The Sixth
Sometime near the end of October I thought to myself, “hey I’m really falling behind on all of my writing goals and the holidays are coming up, why don’t I undertake a labor-intensive, time-consuming writing project?”
So, with little thought and even less preparation, I embarked on an attempt to write 1,667 words a day, 30 days in a row, for the entire month of November, at the end of which I would have produced a messy first draft of a novel(la).
In other words, I participated in the National Novel Writing Month (aka NaNoWriMo) this year. I liked it. I failed miserably, but… did I? Definitely sort of. But I also succeeded in a way. “How did it go?” you might ask. It’s a fair question. And it’s a question answered differently depending upon which version of me you ask.
Strictly speaking, I lost. I came up woefully short of the 50,000 word goal with just over 30,000 words.
But then there’s weasel-me, who would like to point out that I also wrote at least 750 words every morning in my Morning Pages, which, in an “every word counts” project, could maybe sorta be added, in a quasi-technical way, to my total. Those 22,500 words would put me over the finishing line, and on record as having one of the most repetitive yet meandering collection of words daring to call itself a novel(la).

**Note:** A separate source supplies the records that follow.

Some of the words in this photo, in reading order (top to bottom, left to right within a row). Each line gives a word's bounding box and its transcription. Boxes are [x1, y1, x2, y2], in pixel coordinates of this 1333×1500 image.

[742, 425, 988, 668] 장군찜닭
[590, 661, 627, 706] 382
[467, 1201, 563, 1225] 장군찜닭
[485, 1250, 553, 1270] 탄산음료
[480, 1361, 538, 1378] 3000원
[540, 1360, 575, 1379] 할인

Then Sour Grapes Natasha will tell you that 50,000 words hastily written in 30 days in an “every word counts” frame of mind is gonna be bad unless you’re Stephen King, and probably even if you’re Stephen King. To act like hitting a fairly arbitrary number of words in an equally arbitrary number of days is synonymous with writing a novel(la) is silly at best and insultingly hubristic at its ugliest. So maybe I didn’t want to win this stupid thing anyway.
And before that line of thinking goes on for too too long, Pollyanna Natasha steps in and mentions that, hey, I wrote a lot more this month on one project than I probably ever have before, and if that’s not something, I don’t know what is.

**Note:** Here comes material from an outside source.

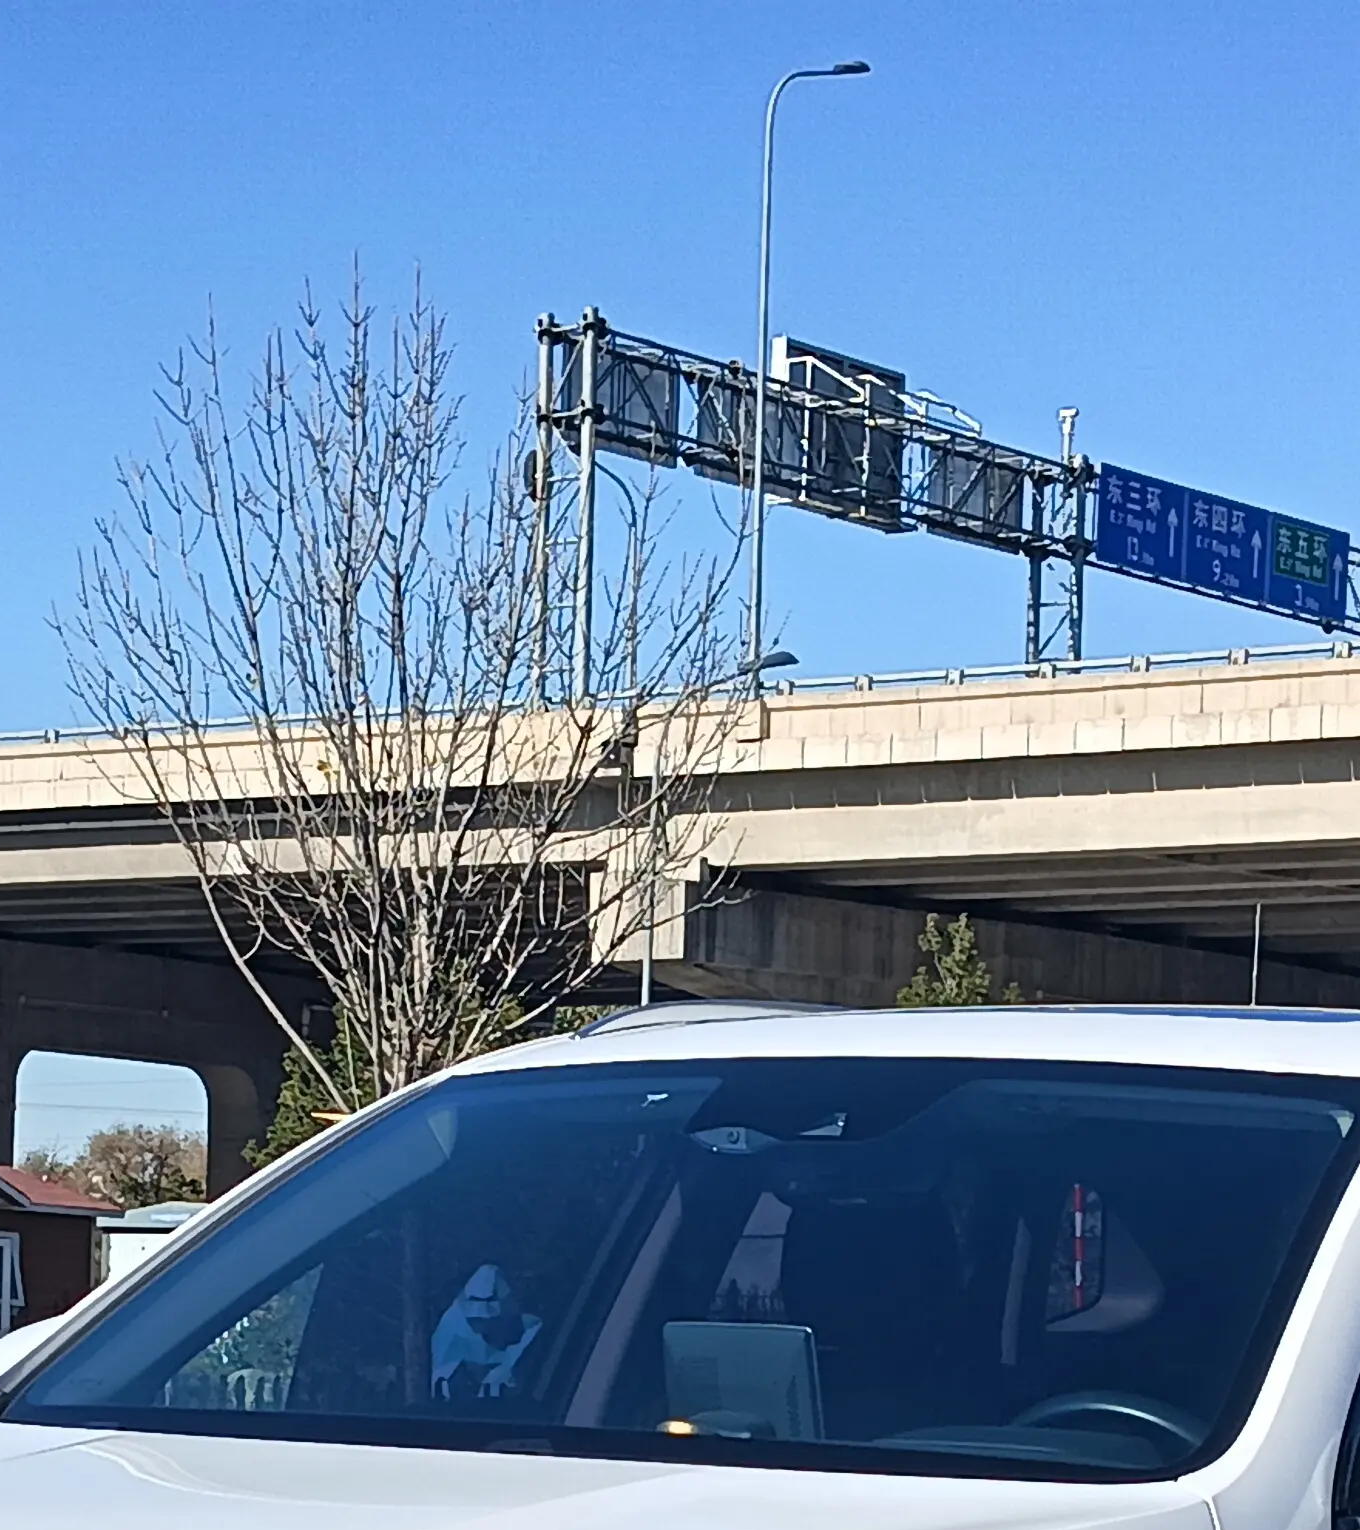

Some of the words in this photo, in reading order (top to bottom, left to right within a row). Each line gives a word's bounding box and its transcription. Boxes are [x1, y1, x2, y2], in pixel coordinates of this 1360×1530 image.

[1106, 474, 1163, 517] 东三环
[1193, 499, 1246, 539] 东四环
[1276, 527, 1328, 563] 东五环

I also learned a lot along the way: I seem to work best in short intervals and when my goals are focused on the time invested rather than on the amount of words written. The “critical” aspect of me that needs to be put aside while I write doesn’t just latch on to the quality of my work but also the way I work. I can just as easily get hung up on something like how long it takes me to do things as much as how clunkily a sentence can stumble around before it get to the end of itself.
But I’m okay with losing. I’m also fine with letting that weasel part of me have just enough of my ear to tell me “but you did hit the goal and win.” And it’s true that even if I had kept up the pace and won, whatever I had produced would have been a wreck. It would have needed that much more of an overhaul to get it working. But I had fun. I enjoyed the plunge. I don’t regret my choice to try it. To get into it and then stop and take a day to make an outline. Get stuck, Take the time to look up things like “verb tenses”and “establishing pov.” Get unstuck. Feel the way a scene can unfold as you write it. Do research on “how moons work.” Lose enthusiasm. Keep writing. Play with timing in a written medium. Find enthusiasm. Keep writing. Get discouraged. Write some more.
So I’m glad I did it, even if I lost, but I shouldn’t have, and it was stupid anyway.